As we’ve discussed on many occasions, the media has portrayed Single Motherhood by Choice very positively with a lot of “you go girl” cheerleading. A recent CNN article talked about an emerging trend of single men, some straight and some gay, employing surrogates and becoming fathers themselves.
While I can understand some men wanting to have children that cannot be taken from them in a divorce or separation, I do not condone Single Fatherhood by Choice. Children need mothers just as they need fathers, and I believe it is selfish and counterproductive to deprive a child either of a father or of a mother.
Ron Smith made the point that for a wealthy single man, Single Fatherhood by Choice is an intelligent economic decision. He reasoned that wealthy men may be taken advantage of by women he called “Golddiggers”, and be hit very hard financially in a divorce. Even though surrogacy is expensive — around $100,000 per child, according to CNN — it controls and manages the risk. By contrast, wealthy men who marry have a lot more to lose.
Another caller, a friendly Irish woman, said that I was wrong because many fathers whose wives died in childbirth or from other causes successfully raised their children. I replied that while this is no doubt true, those children lost a tremendous amount, even if they never knew their mothers.
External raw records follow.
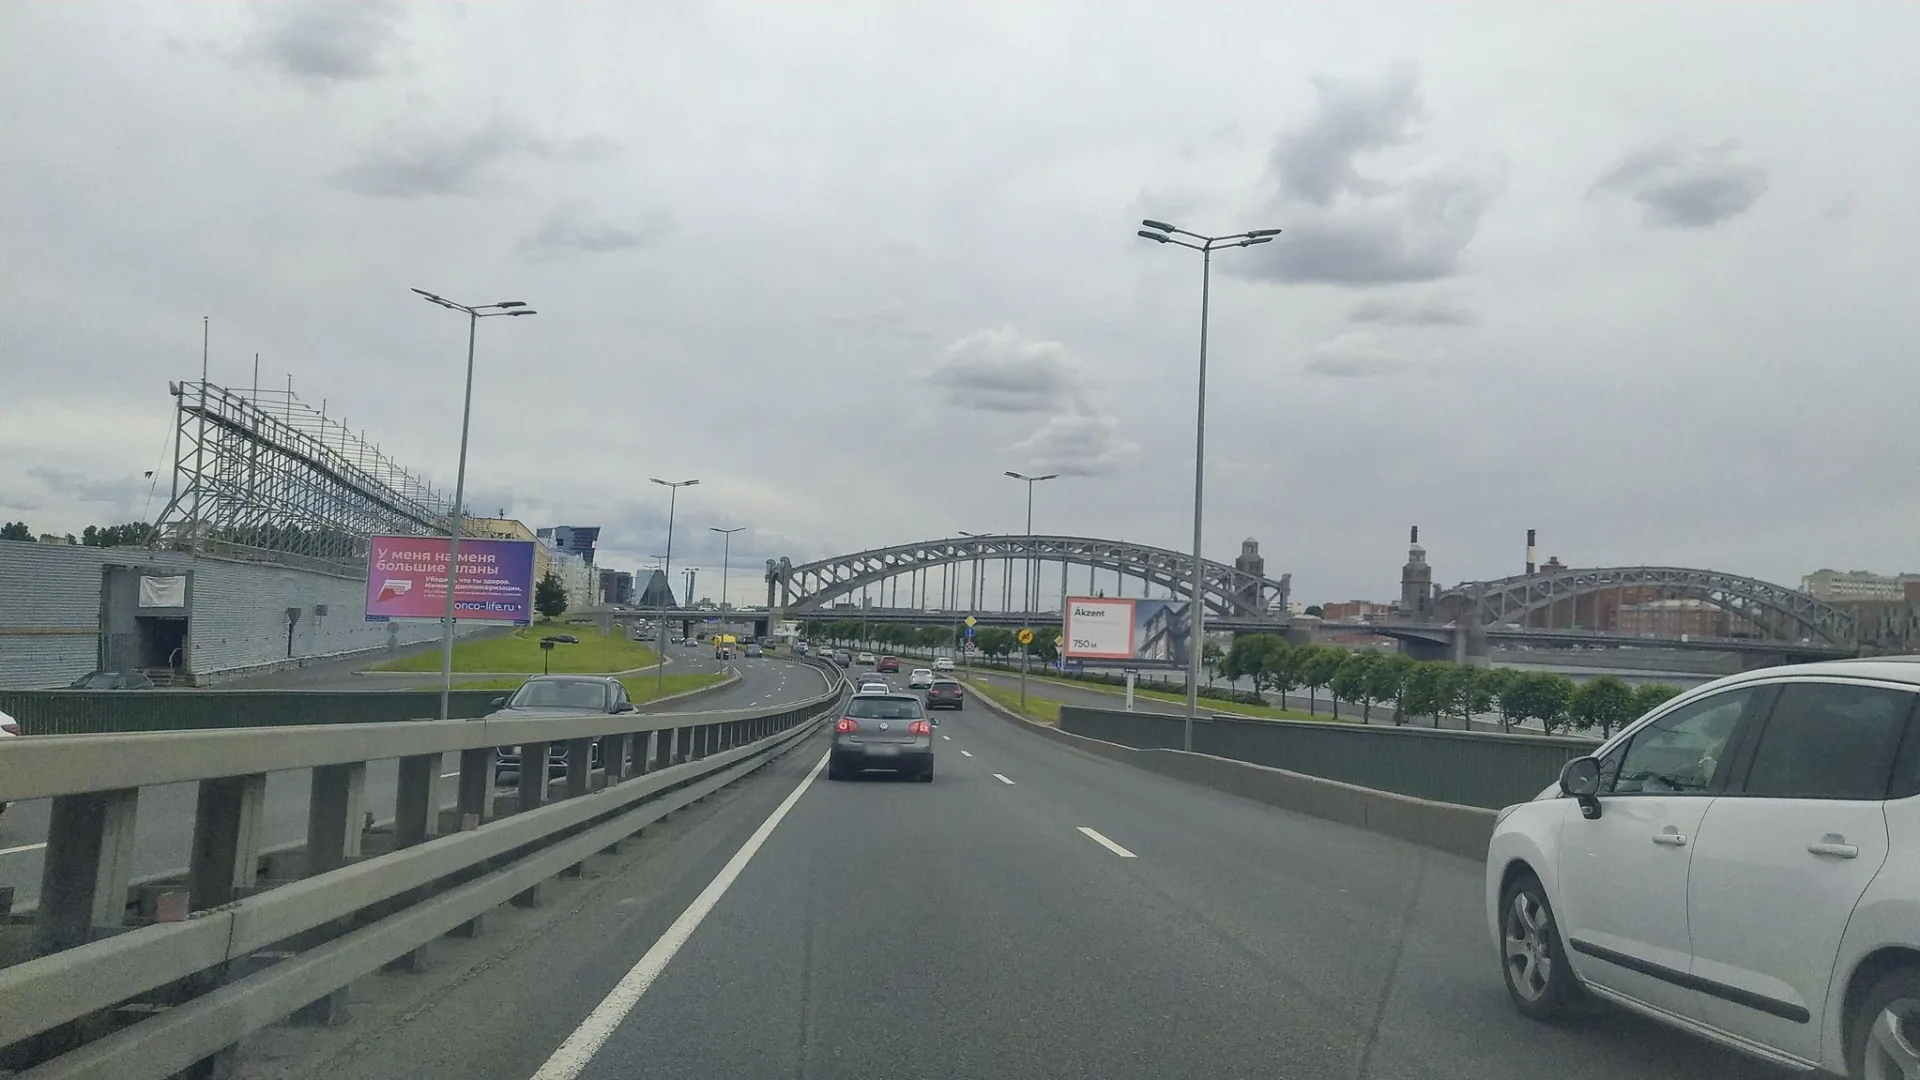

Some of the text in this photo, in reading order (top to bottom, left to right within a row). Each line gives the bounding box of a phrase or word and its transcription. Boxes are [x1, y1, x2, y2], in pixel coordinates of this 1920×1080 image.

[377, 548, 388, 559] У
[391, 551, 431, 561] меня
[456, 553, 496, 563] меня
[376, 559, 446, 573] большие
[455, 601, 515, 612] onco-life.ru
[1073, 639, 1090, 648] 750
I’ll give CNN and others credit in the sense that they confirmed that single fathers are quite capable of caring for children, just like mothers are. However, it seems that many go from “single motherhood is good” straight to “single fatherhood is good” seemingly without stopping to consider that both are a problem.
Ron also made the point that he believes that the economic crisis will actually strengthen the family, or at least help arrest family breakdown. His logic is, simply, that divorce can only exist under relative affluence because it is so expensive. People who cannot afford to support one household on their incomes will be very hesitant to divorce and put themselves in a position where they have to support two households.
I have mixed emotions on this. I have no doubt that Ron’s view of the link between affluence and the ability to divorce is valid. On the other hand, many, many couples are torn apart by arguments over money. These arguments are doubtlessly intensifying right now.
One piece of advice for husbands who are trying to prevent their angry wives from divorcing — tell her this:
We’re fighting like crazy over money now. What will it do when the same incomes that are not enough to support one household are forced to support two?